[Free-text object descriptions]
________________
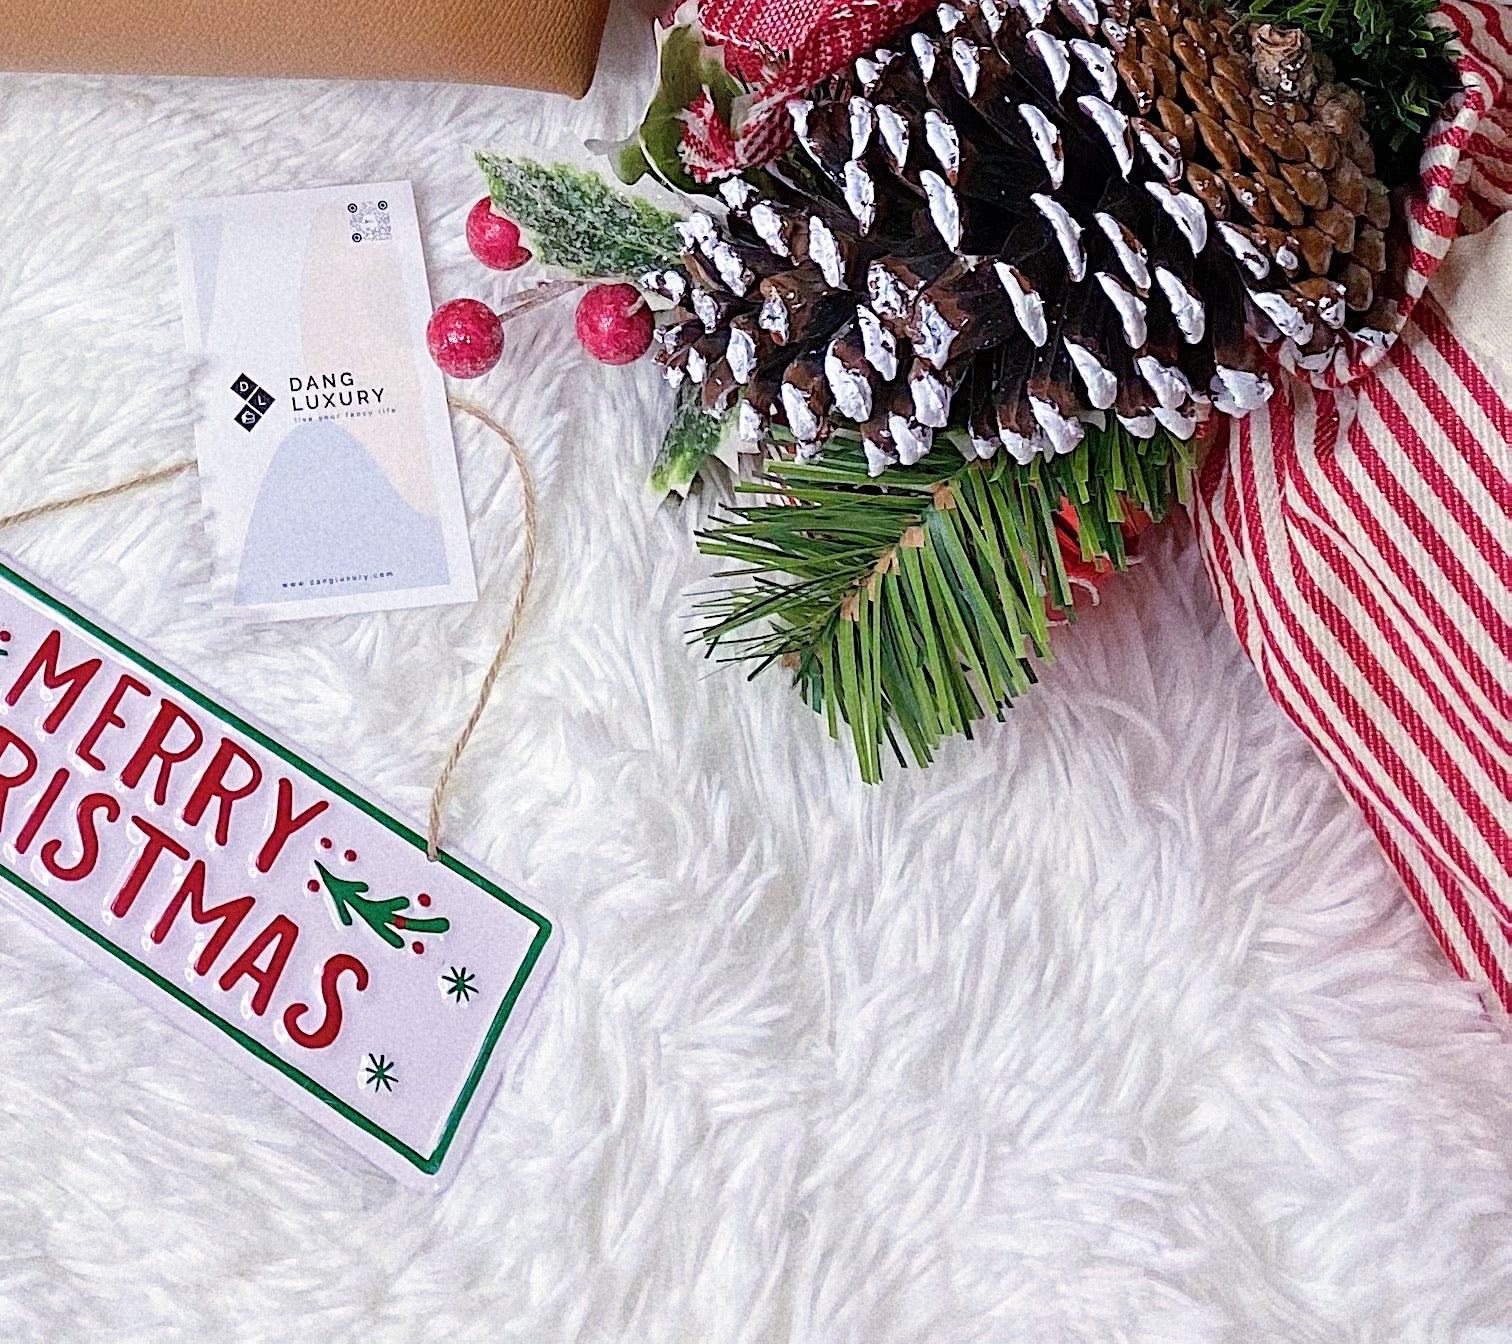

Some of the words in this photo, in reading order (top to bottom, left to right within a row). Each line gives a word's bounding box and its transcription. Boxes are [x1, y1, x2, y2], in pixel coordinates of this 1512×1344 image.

[289, 372, 354, 392] DANG
[292, 387, 384, 412] LUXURY
[5, 629, 329, 874] MERRY
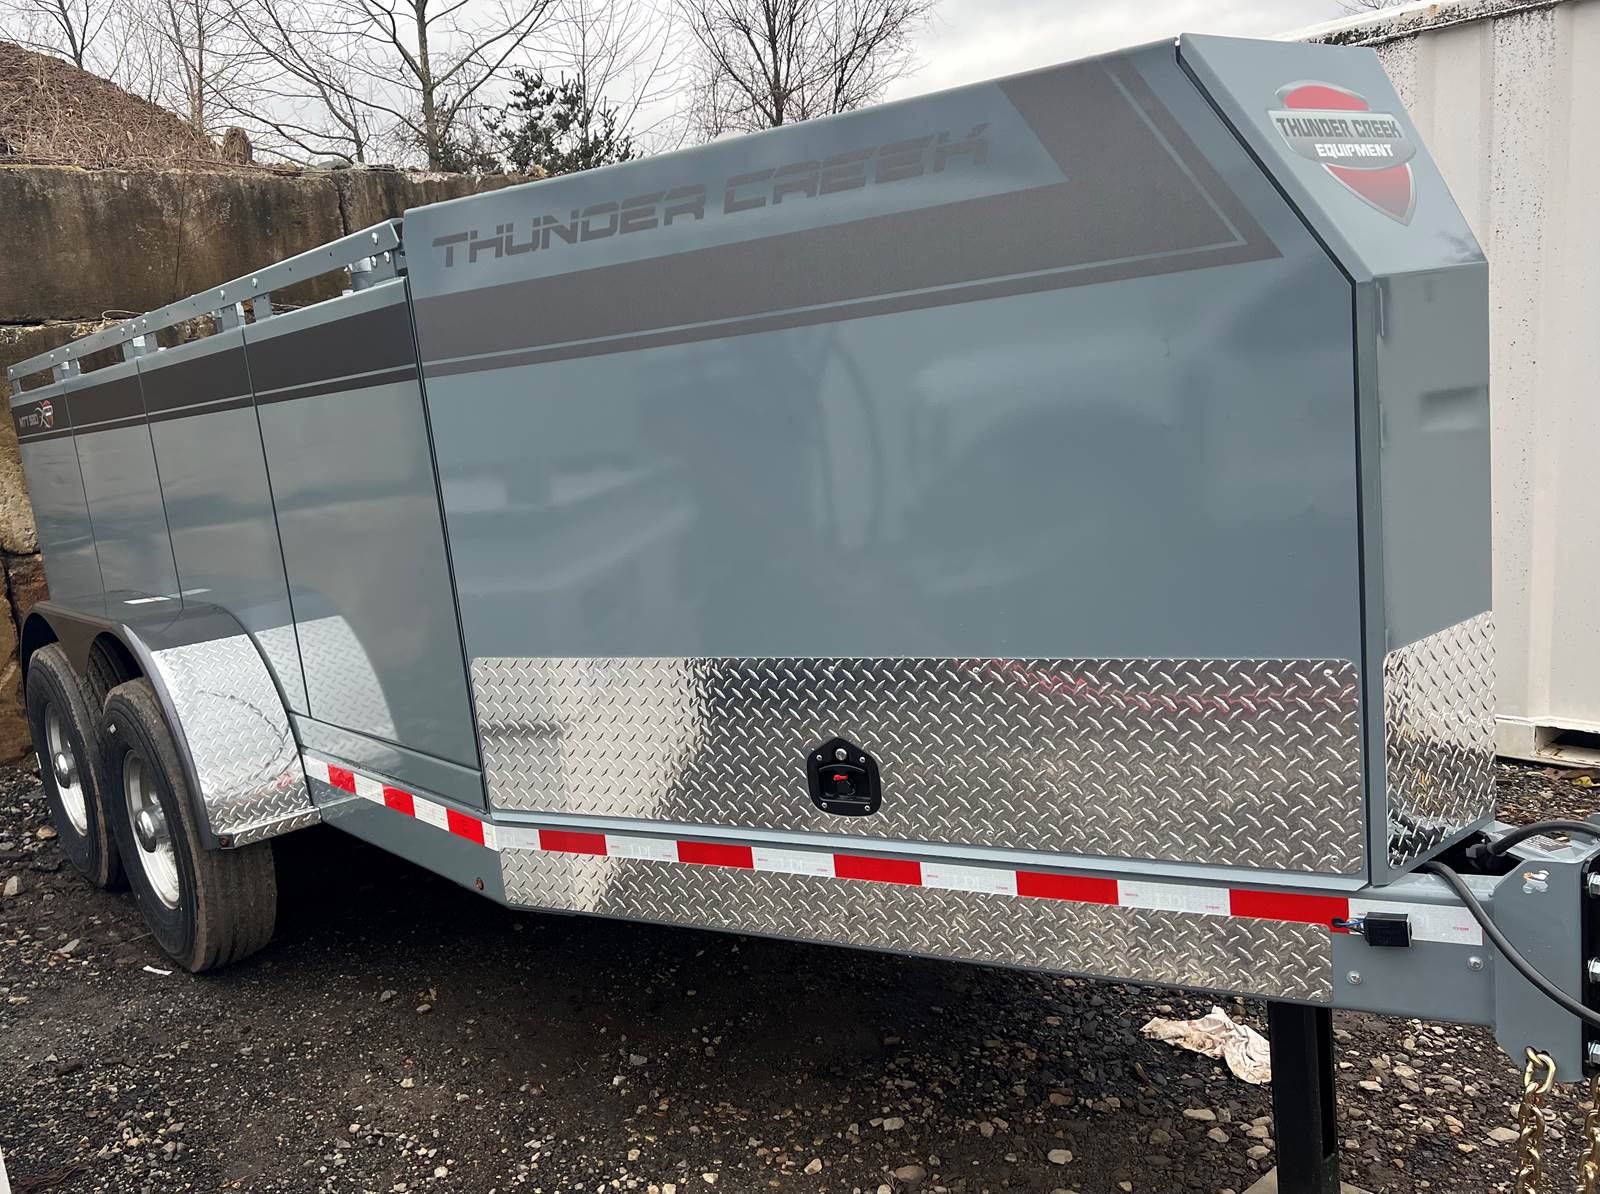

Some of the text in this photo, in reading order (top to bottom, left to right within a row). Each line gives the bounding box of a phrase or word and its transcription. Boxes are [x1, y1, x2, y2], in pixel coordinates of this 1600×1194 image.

[1276, 118, 1402, 138] THUNDER CREEK
[1315, 144, 1394, 158] EQUIPMENT
[432, 121, 990, 268] THUNDER CREEK
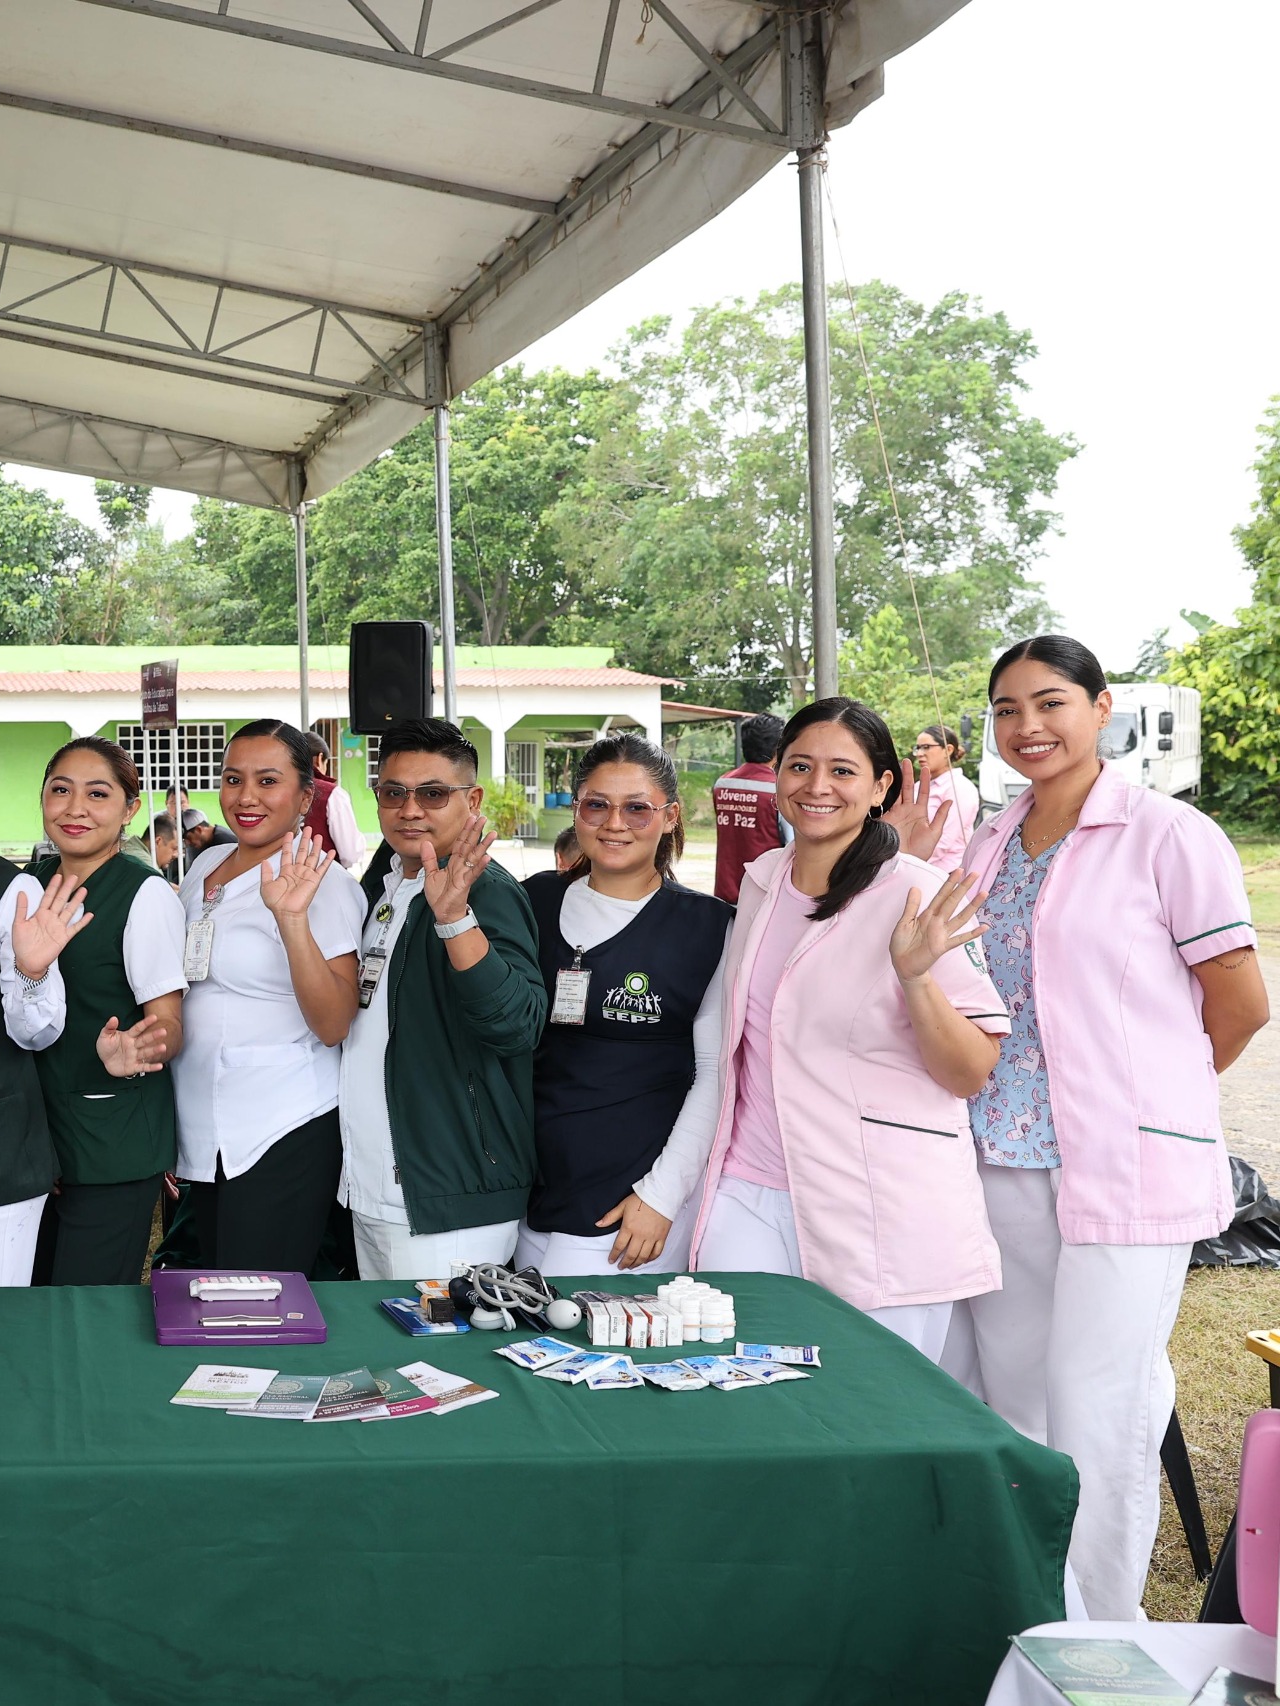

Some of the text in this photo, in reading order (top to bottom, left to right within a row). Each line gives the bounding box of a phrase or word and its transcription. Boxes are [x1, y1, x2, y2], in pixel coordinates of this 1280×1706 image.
________________
Directions: Transcribe the records above exactly and drop every picture.

Written response:
Some of the words in this photo, in reading order (top to bottom, left to right within a row). Each line gives a word's bounding box and its transcription. Boxes are [x1, y1, x2, y2], in pixel coordinates of this 1512×1344 image.

[289, 372, 354, 392] DANG
[292, 387, 384, 412] LUXURY
[5, 629, 329, 874] MERRY

Some of the text in this photo, in reading order (top to bottom, left to right within a row). Each line gives the bounding box of a phrase or word and its transcription. Boxes are [x1, y1, x2, y2], in pixel coordinates of this 1600×1194 image.

[1276, 118, 1402, 138] THUNDER CREEK
[1315, 144, 1394, 158] EQUIPMENT
[432, 121, 990, 268] THUNDER CREEK

Some of the text in this photo, in reading order (top to bottom, left to right within a row). Each line gives the bounding box of a phrase or word and its transcription. Boxes are [x1, y1, x2, y2], in pixel coordinates of this 1280×1706 image.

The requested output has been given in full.